If we’re to make it a success, it will require our collective determination. That we once again have “the right stuff”.


Our space future depends on each of us increasing our own knowledge and understanding of the things that will get us there.

 

Space is the answer.


We should all be interested.


The Reality Facing Us

Earth is vulnerable, and not, primarily, because of us.


The Earth is vulnerable in a cosmic sense; a problem for us because we don’t yet have other options.


Until we do have options we have a bit of a situation which creates two major—if seemingly in conflict—mandates when it comes to our current world.


We must:


  1. Take care of it.

  2. Find ways off of it.


Not to escape; Earth is great. Merely to have that choice. Your home town is probably great too, but you’d hate never being able to leave.


Especially if a hurricane was on the way.

Choices

Whether you yourself ultimately ever go to space isn’t at the root of it. You may not even want to.


But in the same way not everyone went to sea back in the day, it was important they supported and encouraged those who did (or at least didn’t try to stop them).
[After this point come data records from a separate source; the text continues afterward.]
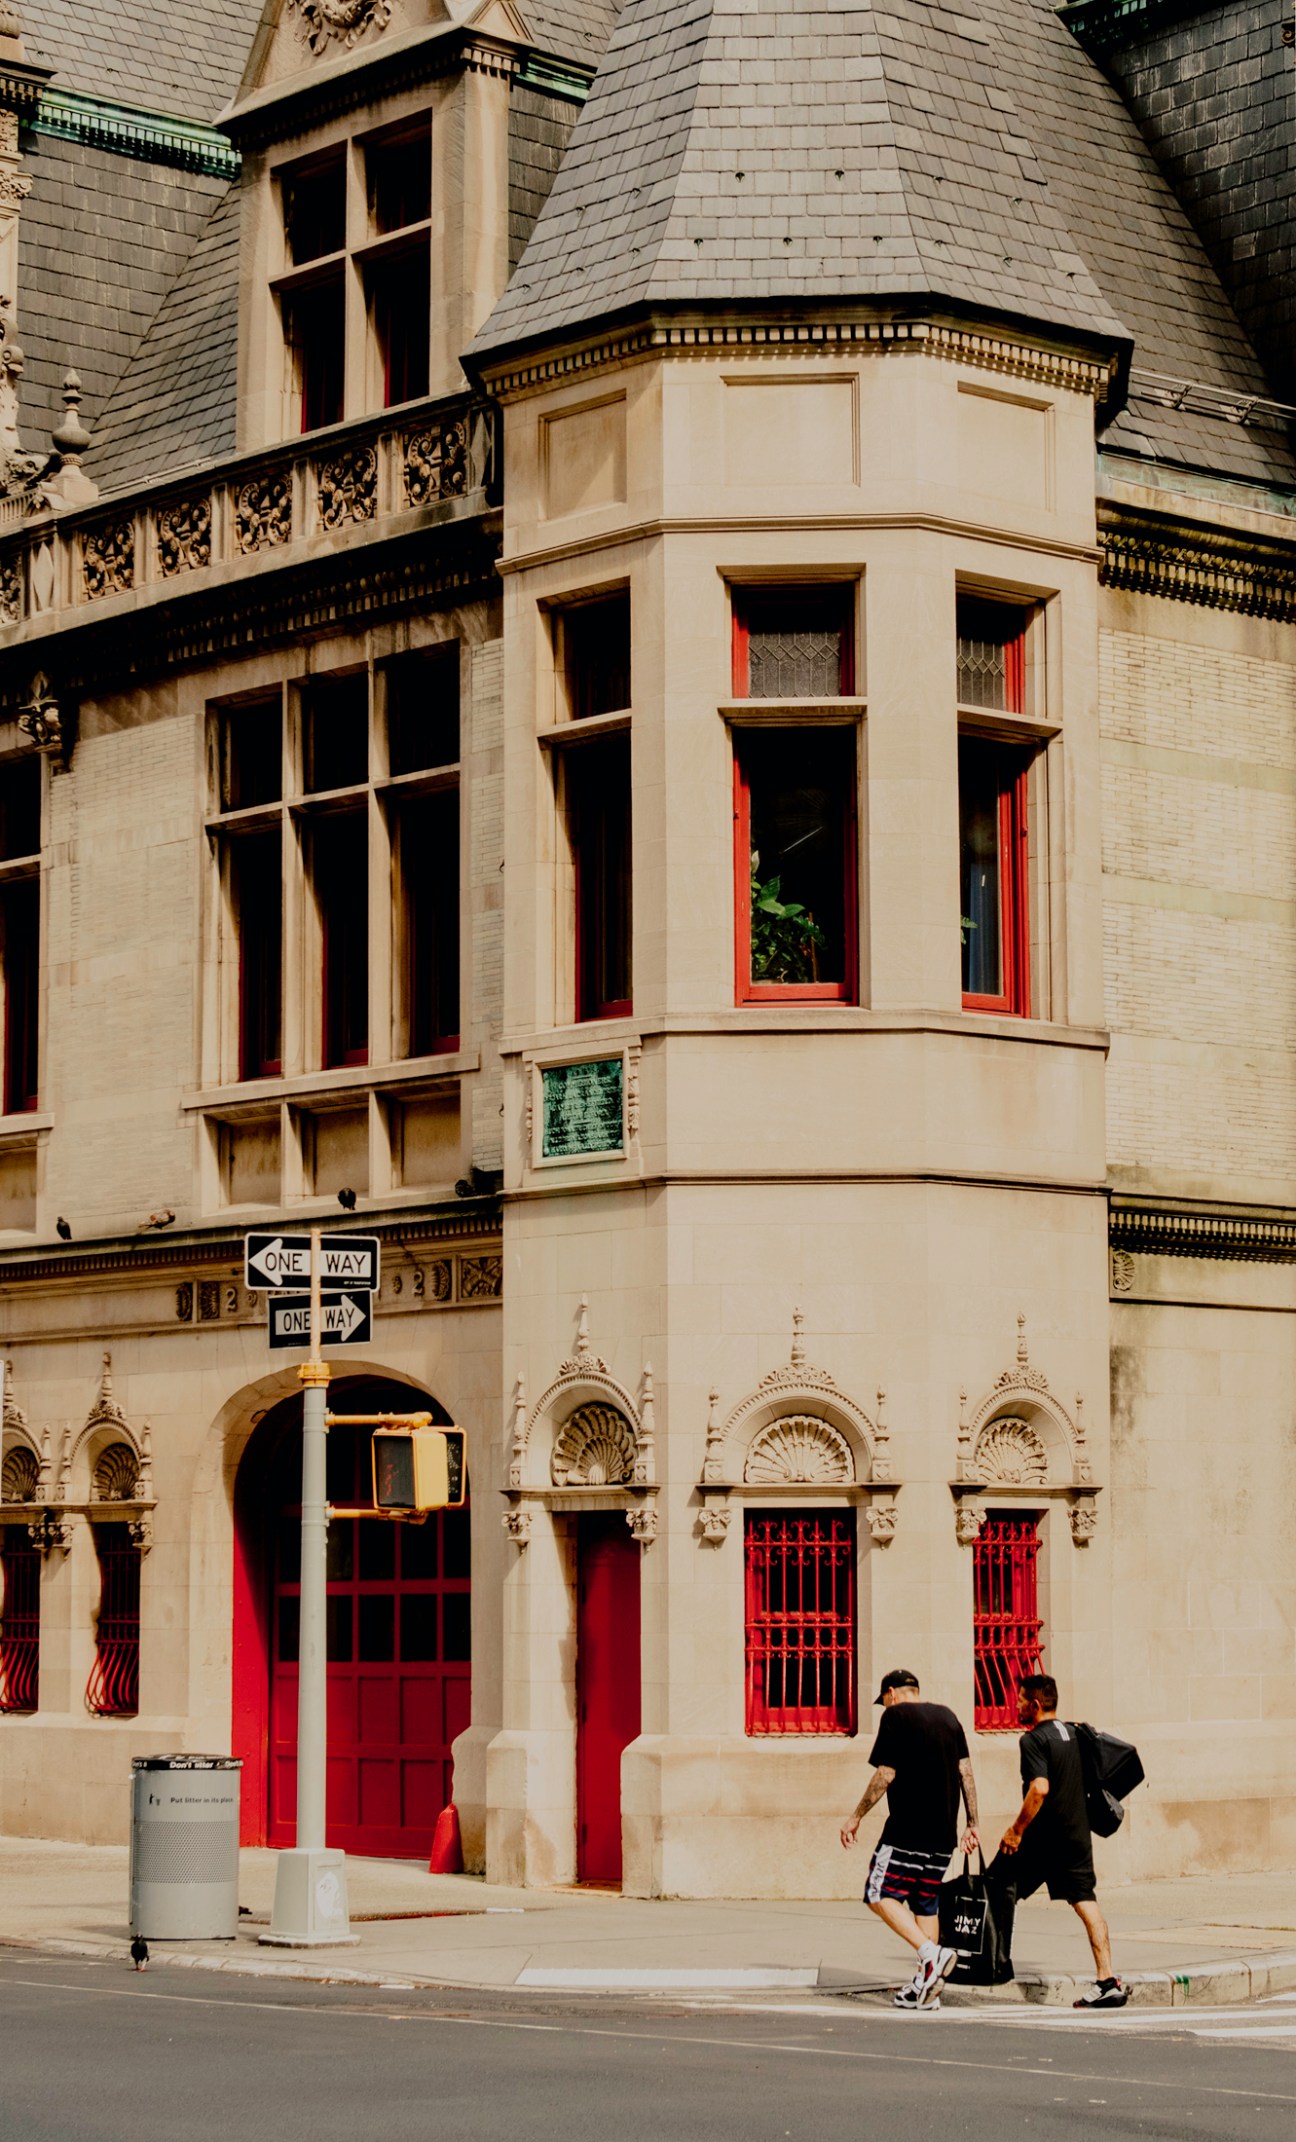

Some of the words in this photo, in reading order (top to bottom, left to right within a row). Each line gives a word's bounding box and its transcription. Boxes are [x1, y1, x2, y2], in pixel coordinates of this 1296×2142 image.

[265, 1252, 303, 1272] ONE
[326, 1254, 367, 1273] WAY
[225, 1288, 237, 1310] 2
[283, 1311, 311, 1332] ONE
[325, 1308, 356, 1329] WAY
The promise of those journeys were what set us free.


The same will be true with space.


The main thing is that we develop new technologies so we can go elsewhere, when and if needed, when and if wanted.


In the home town analogy, you may never want to leave, but how terrible to imagine you never could?

Our Fragility

This isn’t Chicken Little (the scared chicken who was afraid the sky was falling), or doom and gloom. Becoming extraplanetary should be a game. We’re too amazing, too powerful not to continue to expand – and have a little fun doing it.
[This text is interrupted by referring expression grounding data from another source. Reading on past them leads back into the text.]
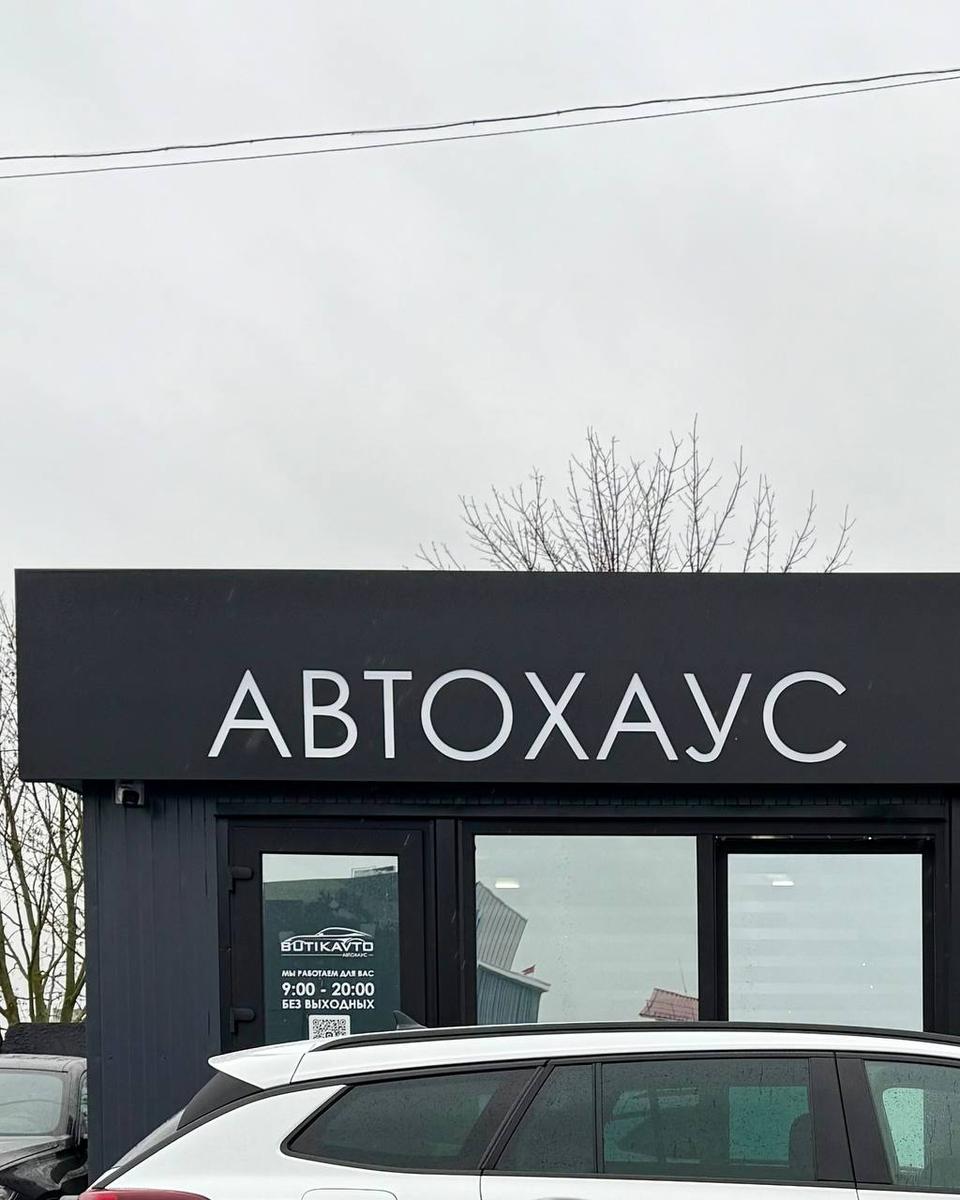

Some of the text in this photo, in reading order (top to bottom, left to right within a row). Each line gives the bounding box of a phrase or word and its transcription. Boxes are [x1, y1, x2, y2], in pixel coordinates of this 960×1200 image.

[207, 669, 847, 763] АВТОХАУС
[281, 941, 374, 952] BUTIKAVTO
[340, 970, 356, 978] ДЛЯ
[281, 982, 315, 996] 9:00
[331, 982, 375, 996] 20:00
[282, 999, 375, 1010] БЕЗ ВЫХОДНЫХ
It’s merely worth noting the facts facing us, which sets the premise of the directive for constant improvement and expansion.


Our playing field at the moment is inherently fragile to our existence, no matter how sturdy it seems.


Let’s rephrase that a little.


The Earth, this ball of rock, even by our current standards, is indestructible. Even at our current level of technology, with our bombs and our guns (did anyone just hear the refrain from Zombie by the Cranberries?), there’s nothing we humans could do to fundamentally alter its shape. To us Earth is an impervious home.


Yet, one well-placed other-rock could change that.


And there are plenty of other rocks out there.


If our planet was a basketball, the crust we live on would be like a wrapping of tin foil. If it were an apple, the land we walk and build on would be the thin skin.


Pretty easy to envision that crinkled away with the right application of force, whether internal or external.


We’re fragile, not the Earth. It’s our own fragility we must safeguard against.


It’s never good to be that desperately dependent on anything.

We Are The Architects Of The Future

These are all obvious conclusions drawn by many over the centuries. None of this is anything new.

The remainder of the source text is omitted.